# Phase Oracle in Qiskit Solving Satisfiability Problems using Grover's Algorithm Section

In Qiksit Textbook, there is a section on solving satisfiability problems using Grover's Algorithm. For the 3SAT instance they construct the following phase oracle:

Is there any reasoning behind this construction? Are they using the solutions to the actual problem while constructing it?

For small boolean functions, up to 16 variables, tweedledum (the library used by Qiskit, repo|docs) synthesizes the circuit using the truth table: it uses to truth table to extract a special case of an ESOP (Exclusive-or Sum-Of-Products) representation, known as Pseudo-Kronecker expression.

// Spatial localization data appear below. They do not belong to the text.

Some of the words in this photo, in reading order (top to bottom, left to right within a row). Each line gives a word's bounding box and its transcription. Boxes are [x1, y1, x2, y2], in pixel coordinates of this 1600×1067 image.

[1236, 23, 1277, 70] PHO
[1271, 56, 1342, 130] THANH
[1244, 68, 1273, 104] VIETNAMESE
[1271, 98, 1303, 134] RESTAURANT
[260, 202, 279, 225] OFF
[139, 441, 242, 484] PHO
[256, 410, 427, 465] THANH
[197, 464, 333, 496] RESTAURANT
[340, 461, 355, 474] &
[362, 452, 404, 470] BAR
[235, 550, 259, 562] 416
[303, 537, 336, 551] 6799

Indeed, if you are using this method to implement an oracle that will be use in Grover's algorithm to solve satisfiability, then you have the solution before using Grover's.

When dealing with bigger functions, however, this method will not work. Truth tables are expensive to represent, hence we need to represent bigger boolean functions through other means. In tweedledum, that method is Xor-And graph (XAG).

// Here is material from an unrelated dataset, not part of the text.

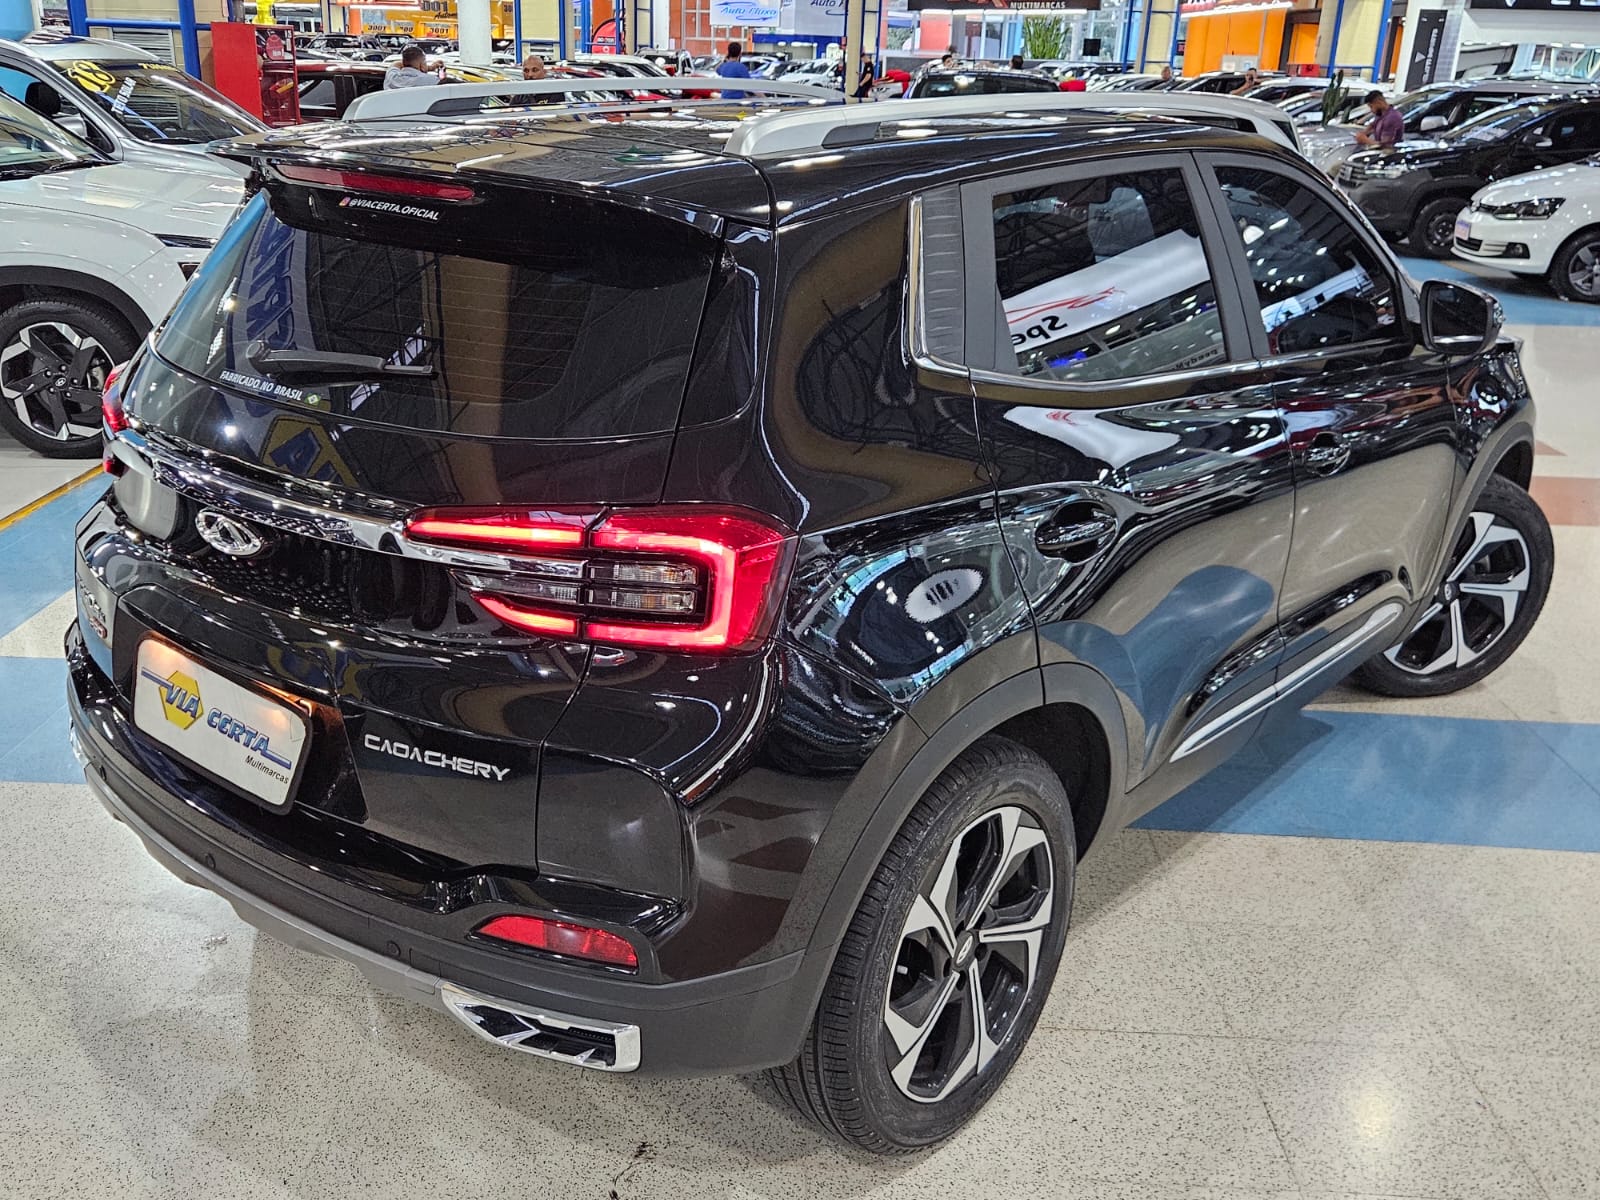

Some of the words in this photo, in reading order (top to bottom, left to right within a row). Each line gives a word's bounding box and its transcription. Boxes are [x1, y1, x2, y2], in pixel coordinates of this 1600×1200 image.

Once we build a XAG representation of a given function, tweedledum has a few options to how synthesize a reversible (quantum) circuit for it. This figures show a bird's eye view of two ways it can be done:

In one flow (upper path) the XAG is processed with a technique that synthesizes a reversible circuit for it, directly from the XAG. On the other flow, the big function is broken into smaller ones. A k-LUT graph is basically a graph of truth tables. $$k$$ is the number of inputs. Then the truth table based technique can be applied to each of these smaller functions, and combine them together to create the desired circuit.

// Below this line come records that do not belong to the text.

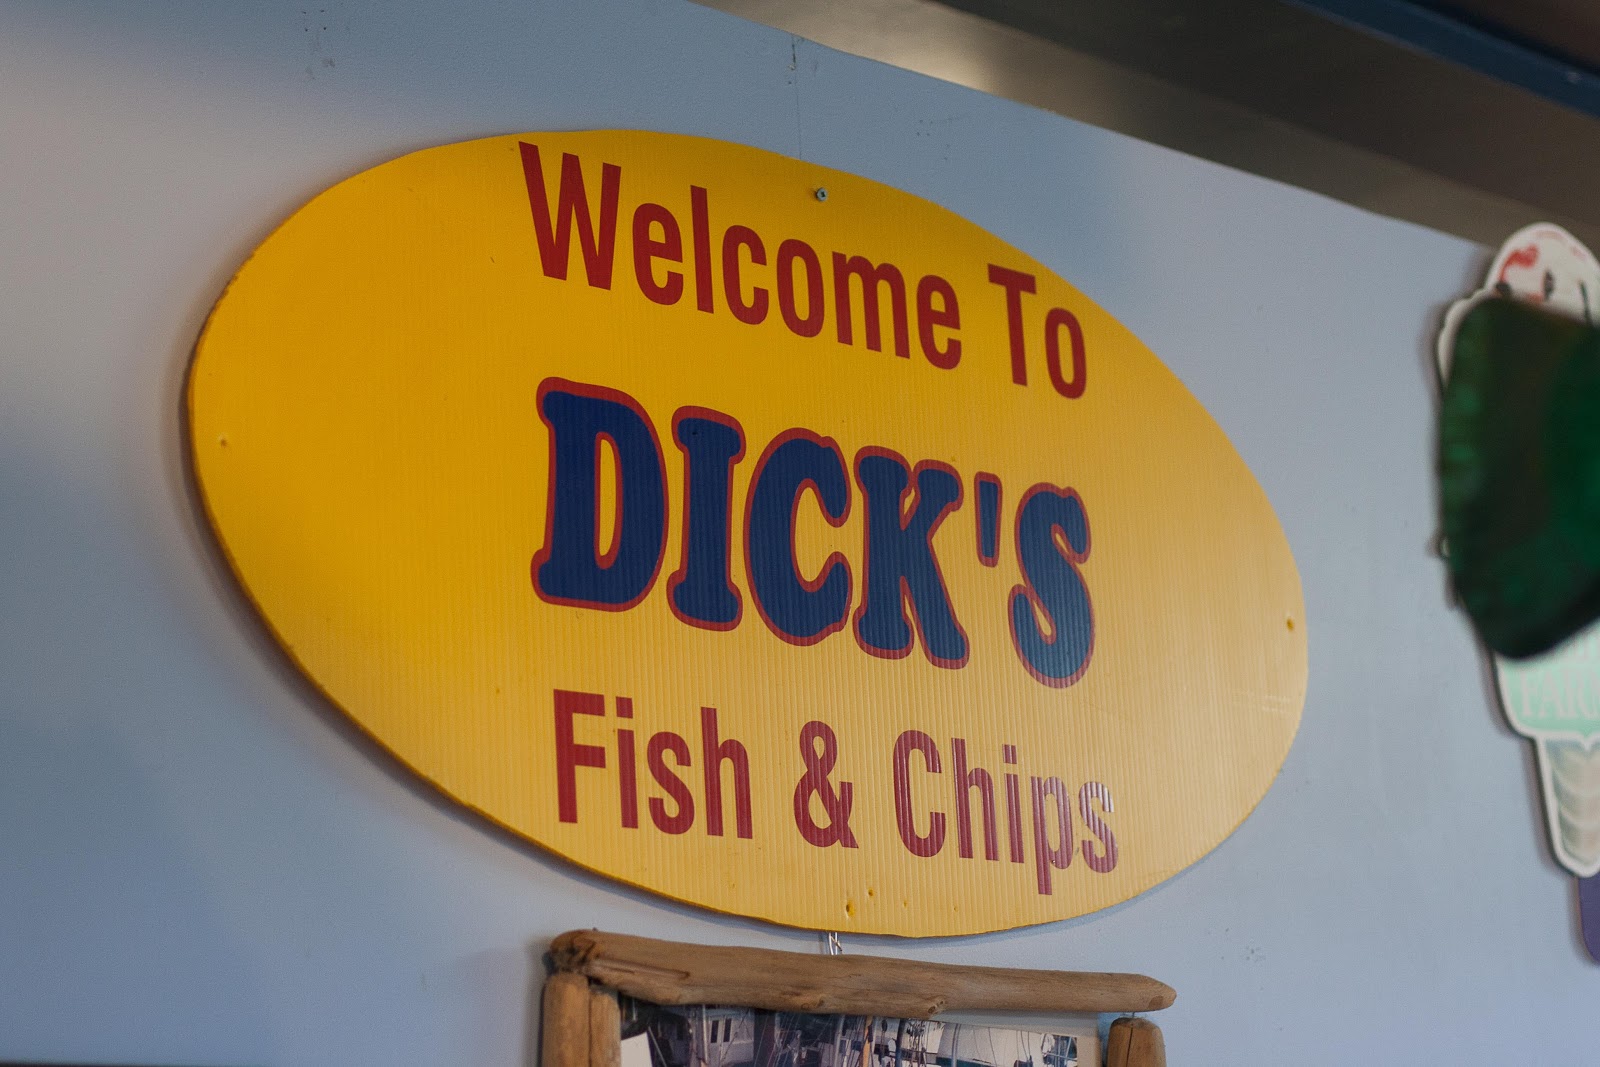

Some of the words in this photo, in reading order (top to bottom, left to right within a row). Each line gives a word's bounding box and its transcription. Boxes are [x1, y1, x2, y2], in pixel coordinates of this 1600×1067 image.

[517, 140, 962, 371] Welcome
[987, 263, 1087, 400] To
[530, 376, 1093, 689] DICK'S
[553, 688, 753, 840] Fish
[793, 720, 859, 849] &
[892, 729, 1119, 896] Chips

Or look at tweedledum source code. You will find these techniques and others in the synthesis folder.

• Thank you very much for the detailed answer. Dec 6 '21 at 21:00

The process of turning a logical formula into a circuit is called synthesis, an active research field at the moment. Qiskit uses a library called tweedledum (repo|docs) for synthesising oracles into circuits.

This particular formula is in ESOP (Exclusive-or Sum-Of-Products) form. Checkout Evaluating ESOP Optimization Methods in Quantum Compilation Flows, by Meuli et al. The second author is the main developer of tweedledum, Bruno Schmitt.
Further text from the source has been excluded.